1 女子高生の憂鬱
今回から創作小説を書いてみようと思います。
亀更新になると思いますが、ぜひ面白いと思った方は最後までお付き合いいただけると嬉しいです。
眼前の景色全てが、まるで2色で塗りつぶされたようだった。
青い海と、海よりも少し淡い青空が見渡す限りどこまでも広がり、そこに無差別に咲き散らかした、美しい白菊のような白が散りばめられている。
ある白は青空に負けんと浮かぶ雲の色。
ある白は太陽の光を照り返す海のもう一つの色。
そんな二色でありながら、複雑に作られた模様で目の中が満たされている。色は少なくても、この紋様を染めろと言われたらどんな染師でも匙を投げるだろう。いや、知り合いのあの真面目ちゃん二人組ならあるいは別かもしれないが。
「…綺麗です。」
そんなことを考えていたら、後ろから女性の声が聞こえた。泡音にも似た、優しげなよく通る声。
そんな声にドキリ、と心臓が高鳴る。
まるで心臓に息を吹きかけられたみたいに、男の心拍数が一気に上がった。
落ち着け。心音が彼女に聞こえるはずもない、と思い直す。
男は振り返らず、床に臥せっているはずの女性に応える。
「何度も見た景色だろうに。」
「いいえ、海や空だけではありません。あなた様の真っ白な装束が、青の中にぽかんと浮かんで。それが美しいと思ったのです。」
「雲や波間の泡ならわかるが、私が?」
「ええ。好きな殿方の背中が、1番美しいです。」
ドキリ、と一層男の心臓が跳ね上がる。
所構わずこういうことを…。
「褒めてもなにもでないよ。」
辛うじて、こう言った。
クスクス、と笑い声が聞こえてくる。
きっと自分がこうなっていることくらい、お見通しなのだろう。
悔しいが、この女性に、男は勝てる気がしなかった。
海に面した断崖の際に建てられた、こじんまりとした一つの家。
その中の海に面した一室の光景だった。
海に向かって開けた縁側の向こうにはほんの少しの草原がある。無作為に生えた雑草の合間で白い花が咲狂い、こちらも美しいグラデーションを成していた。ただ、その草原の向こうはストンと切れ落ちている。その何十メートルもの下に、海が今にも何かを飲み込まんと、渦巻いている。

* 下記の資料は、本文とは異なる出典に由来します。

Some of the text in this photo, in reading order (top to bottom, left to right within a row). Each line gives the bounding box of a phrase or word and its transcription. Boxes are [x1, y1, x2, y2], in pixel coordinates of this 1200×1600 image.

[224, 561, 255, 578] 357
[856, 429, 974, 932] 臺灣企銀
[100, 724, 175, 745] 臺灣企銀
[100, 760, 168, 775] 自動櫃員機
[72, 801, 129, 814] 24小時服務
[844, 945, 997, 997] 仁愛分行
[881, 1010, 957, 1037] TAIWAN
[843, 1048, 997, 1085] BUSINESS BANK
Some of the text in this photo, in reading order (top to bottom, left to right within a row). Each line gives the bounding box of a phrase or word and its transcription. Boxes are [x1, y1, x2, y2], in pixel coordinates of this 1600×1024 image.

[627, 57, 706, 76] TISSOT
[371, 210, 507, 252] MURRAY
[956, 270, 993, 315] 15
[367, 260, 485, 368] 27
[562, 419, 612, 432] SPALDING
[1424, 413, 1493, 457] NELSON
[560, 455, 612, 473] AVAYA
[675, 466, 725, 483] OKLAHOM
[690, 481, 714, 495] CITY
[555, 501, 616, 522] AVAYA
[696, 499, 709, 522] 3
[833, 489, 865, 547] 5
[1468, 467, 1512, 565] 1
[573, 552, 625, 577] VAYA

その小屋の縁側に、ひとりの風変わりな男が座っていた。
見かけは、25歳くらいだろうか。
彫りの深めな顔立ちに、よく整えられた顎髭を携えた男。ただ死者が身にまとうかのような白装束を着ているせいか、少し老けて中年の男性にも見える。
着崩した白装束の隙間からは、それが男性であることを感じさせるしなやかそうな筋肉が見えていた。

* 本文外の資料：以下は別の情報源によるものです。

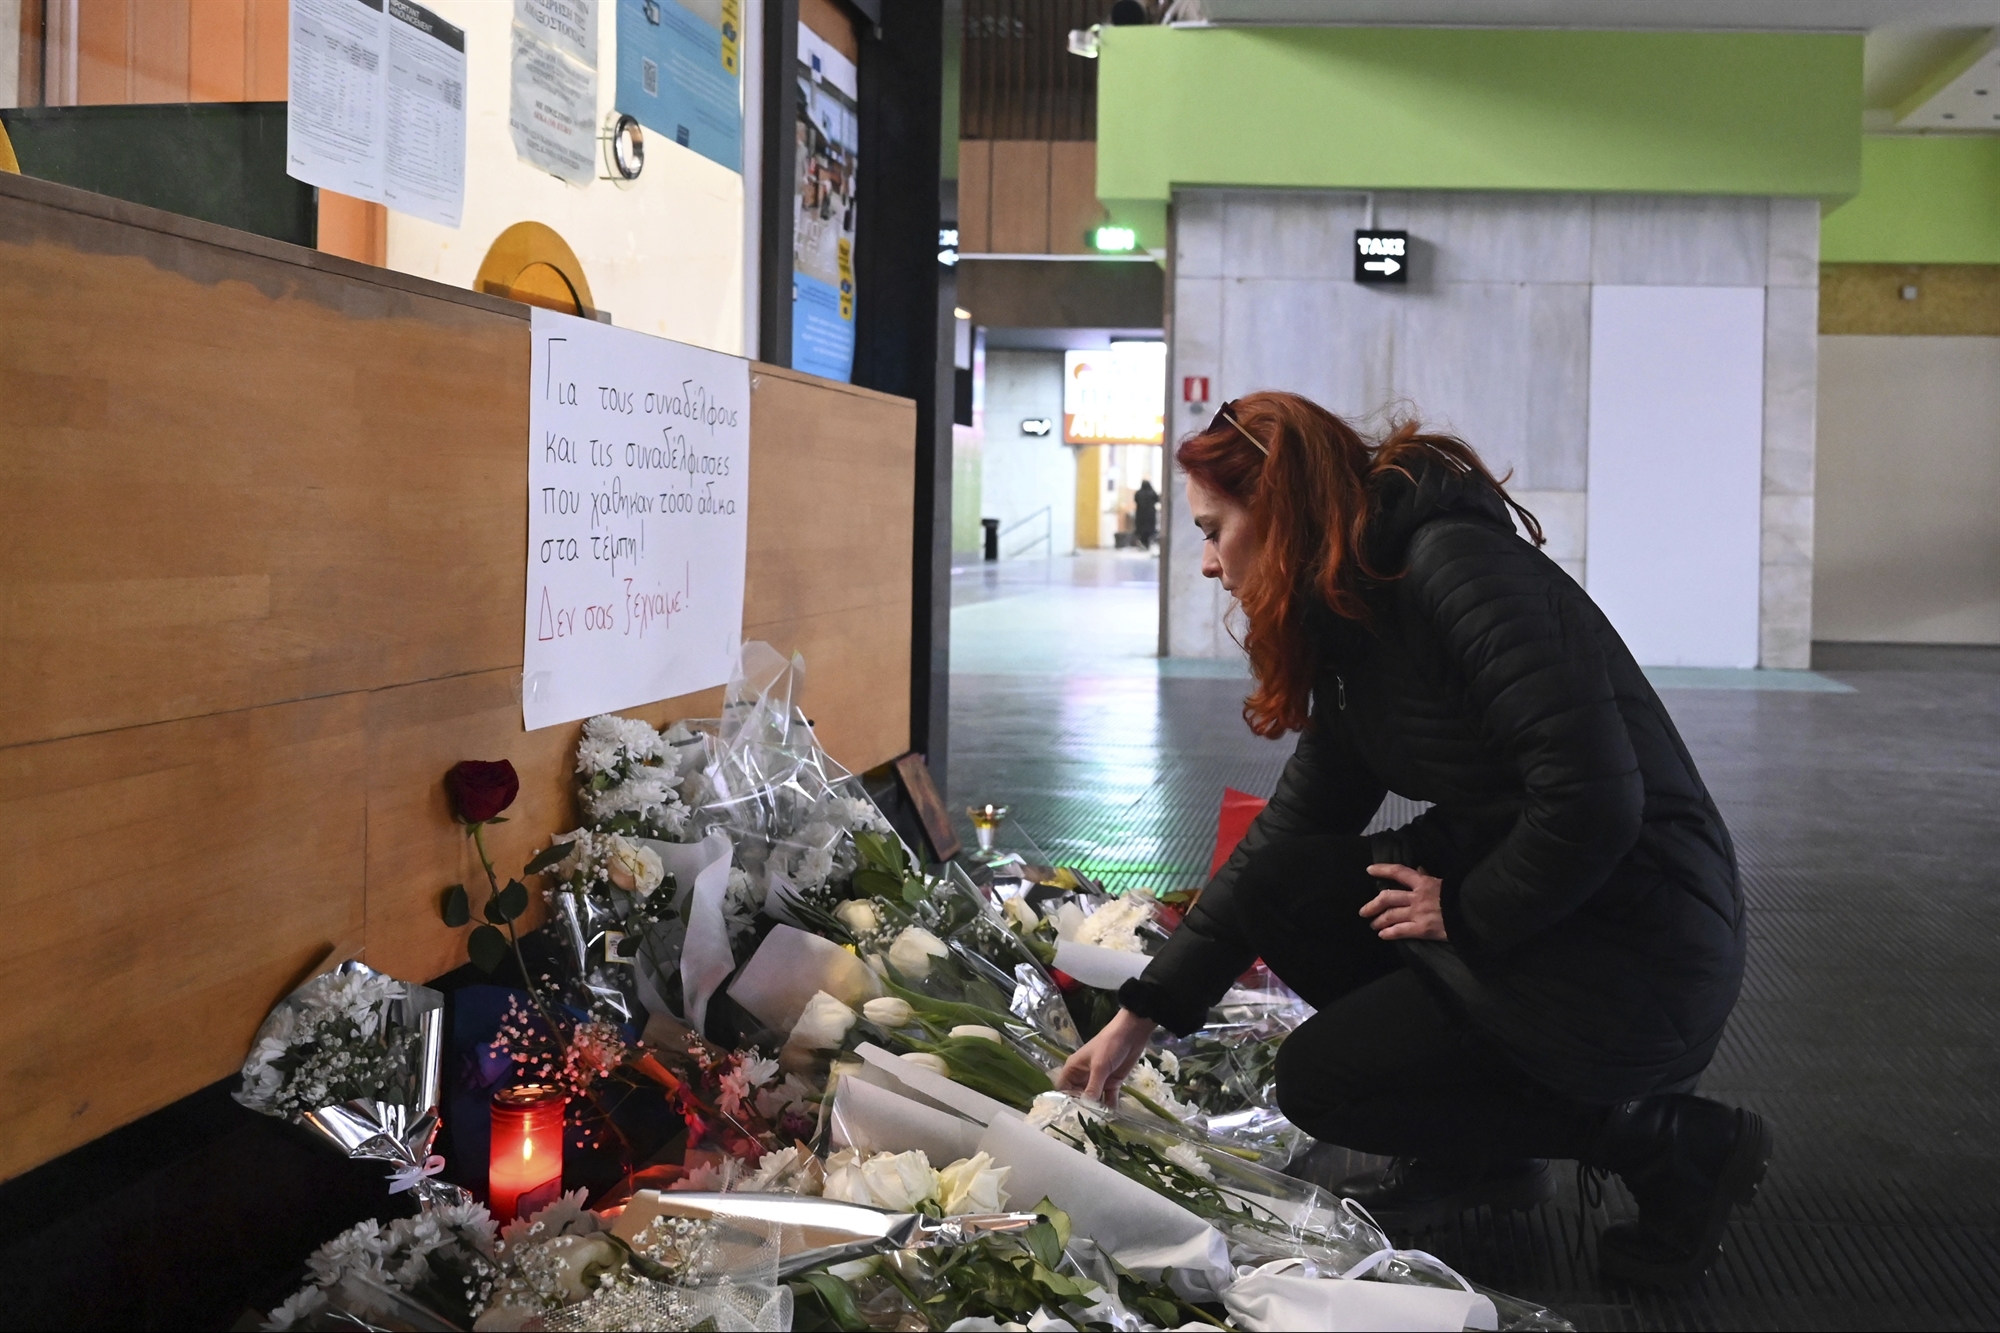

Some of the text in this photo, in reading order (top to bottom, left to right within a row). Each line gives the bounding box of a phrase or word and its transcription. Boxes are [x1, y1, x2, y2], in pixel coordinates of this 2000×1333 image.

[546, 338, 737, 436] Για τους συναδέλφους
[590, 440, 612, 467] τις
[626, 427, 730, 488] συναδέλφισσες
[591, 476, 654, 530] χάθηκαν
[698, 481, 736, 515] άδικα
[541, 538, 579, 563] στα
[539, 586, 576, 641] Δεν
[585, 603, 614, 631] σας

海に開けた部屋の、縁側に座る男は足を外に投げ出し、少し顎を触る。
落ち着こうとするときに男が見せる、特有の癖だった。
「もう、行ってしまわれるのですか?」
女性は問う。
「…ああ。」
「いつ、帰って来られるのですか?」
その問いに、男は一瞬詰まる。
「…用が済んだら、帰ってくるさ。」
女性はクスリ、と笑う。
「いつもいつも『用が済んだら』ばっかりじゃありませんか。私は何を知ることができるんです?」
「いつもいつもの通りだよ。ほんとに用が済んだら帰ってくるさ。」
「はいはい。わかりました。
ーーくれぐれも、お気をつけて。」
「わかってる。」
「私も、そう長くはないでしょうから。」
「何言ってるんだい、そう簡単に死んでもらっては困るよ。」
「…。」
男は、振り返らない。
今、女性がどんな顔をしているのか。
それはさっぱりとわからない。ただ少なくとも、男に見られていい顔はしていないと思う。だったら顔がどんだけ見たくっても我慢するのが、いい男ってやつだろう。
男はそっと足を組み替える。
流れる雲が後押しするような風が、びゅう、と男の髪の毛を揺らした。
「誓うさ。必ず、お前に会いに帰ってくるよ。約束を守るためにね。」
「はい、わかりました。」
その女性の声に少しだけ涙の音が混ざっていたのはきっと、気のせいだったんだろうな、
と。
そう、思った。
ーーーーーーーーーーー
「ーーーで、結局その男は帰って来ず。女性は病に伏したまま、そのまま亡くなったんだけど、死んだ後もそこには男を待ち続ける、女の人の幽霊がいるんだって。」
「へー、すごい!それで、香夜ちゃんはその幽霊、見たことあるの?」
「ないよ、というか行ったこともない。婆ちゃんの家からも結構遠いとこだし。今は誰も行ってないと思うよ。」
「なぁんだ。つまんない。今度私も連れてってよ。」
「なんでよ…茨城よ?」
「行く!」
目を爛々と輝かせてこちらに詰め寄ってくる友人の顔を押しのけながら、少しだけこの話をしたことを後悔した。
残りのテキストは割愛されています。